Basic Usage Examples
This guide demonstrates basic usage of the BSBR model and its variants.
Basic BSBR Model
import torch
from bsbr import BSBRModel
# Create model
model = BSBRModel(
vocab_size=10000,
hidden_dim=512,
num_layers=4,
num_heads=8,
chunk_size=128,
ff_dim=2048,
dropout=0.1
)
# Generate sample input
batch_size = 2
seq_length = 256
input_ids = torch.randint(0, 10000, (batch_size, seq_length))
attention_mask = torch.ones(batch_size, seq_length)
# Forward pass
outputs = model(input_ids, attention_mask)

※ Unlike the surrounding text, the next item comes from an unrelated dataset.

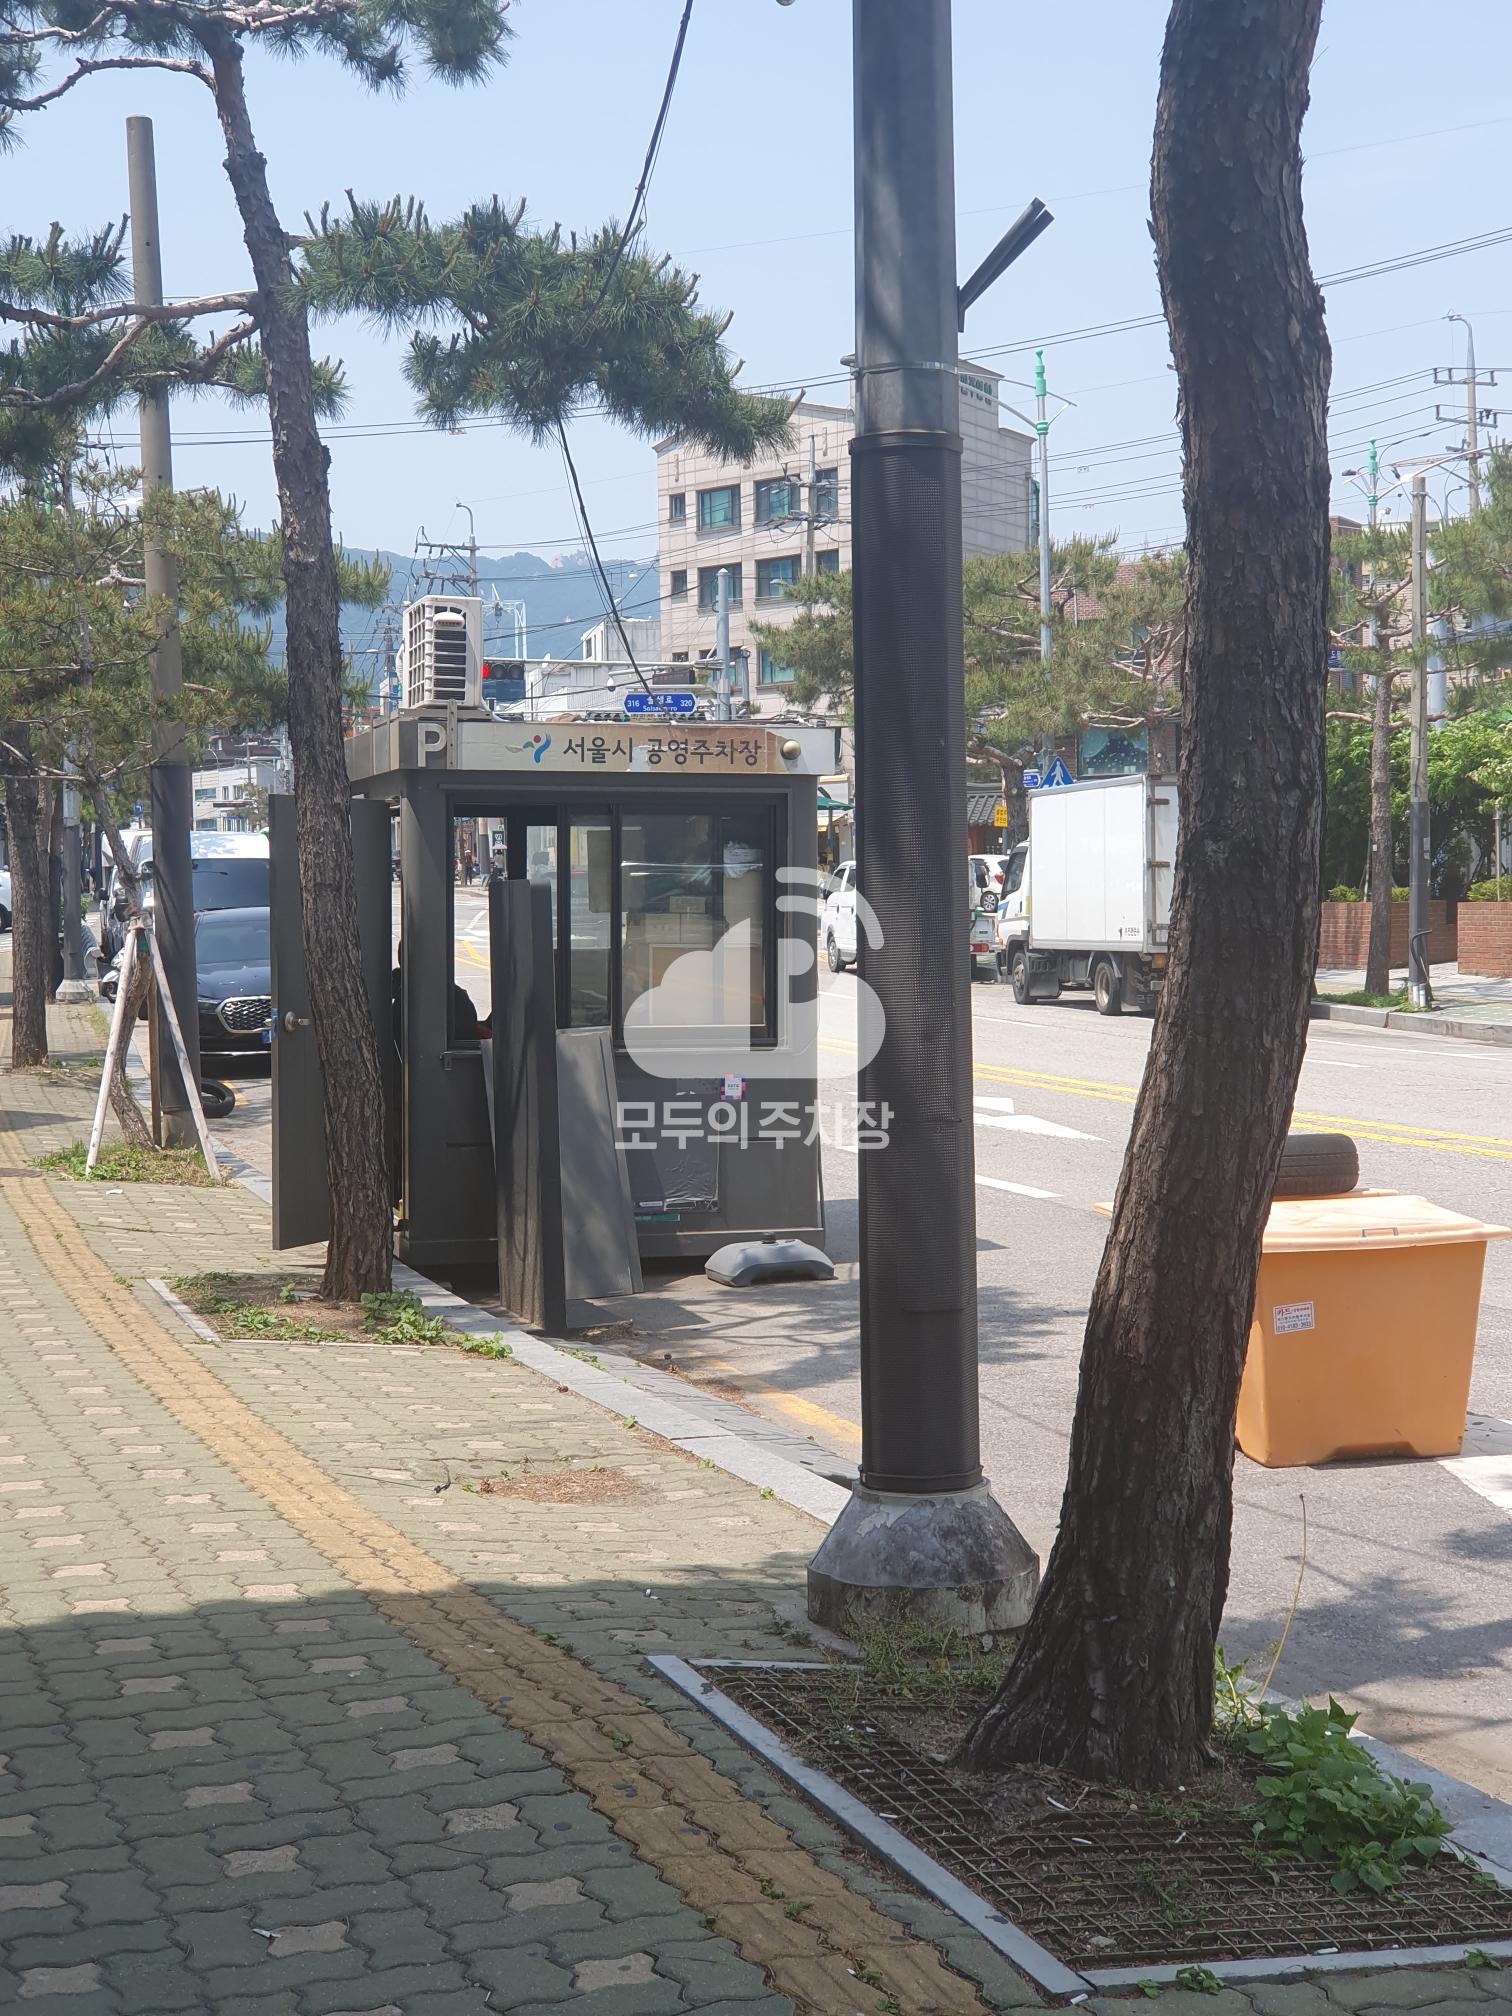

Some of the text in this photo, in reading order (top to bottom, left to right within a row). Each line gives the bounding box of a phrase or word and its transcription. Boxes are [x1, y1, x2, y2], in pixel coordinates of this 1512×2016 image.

[680, 699, 692, 707] 320
[417, 723, 447, 767] P
[563, 736, 763, 766] 서울시 공영주차장

Using Different Model Variants
Linear Transformer
from bsbr_extras import LinearTransformer
# Create linear transformer
model = LinearTransformer(
vocab_size=10000,
hidden_dim=512,
num_layers=4,
num_heads=8,
ff_dim=2048,
dropout=0.1
)
# Forward pass
outputs = model(input_ids, attention_mask)
DeltaNet
from bsbr_extras import DeltaNet
# Create DeltaNet
model = DeltaNet(
vocab_size=10000,
hidden_dim=512,
num_layers=4,
num_heads=8,
ff_dim=2048,
dropout=0.1
)
# Forward pass
outputs = model(input_ids, attention_mask)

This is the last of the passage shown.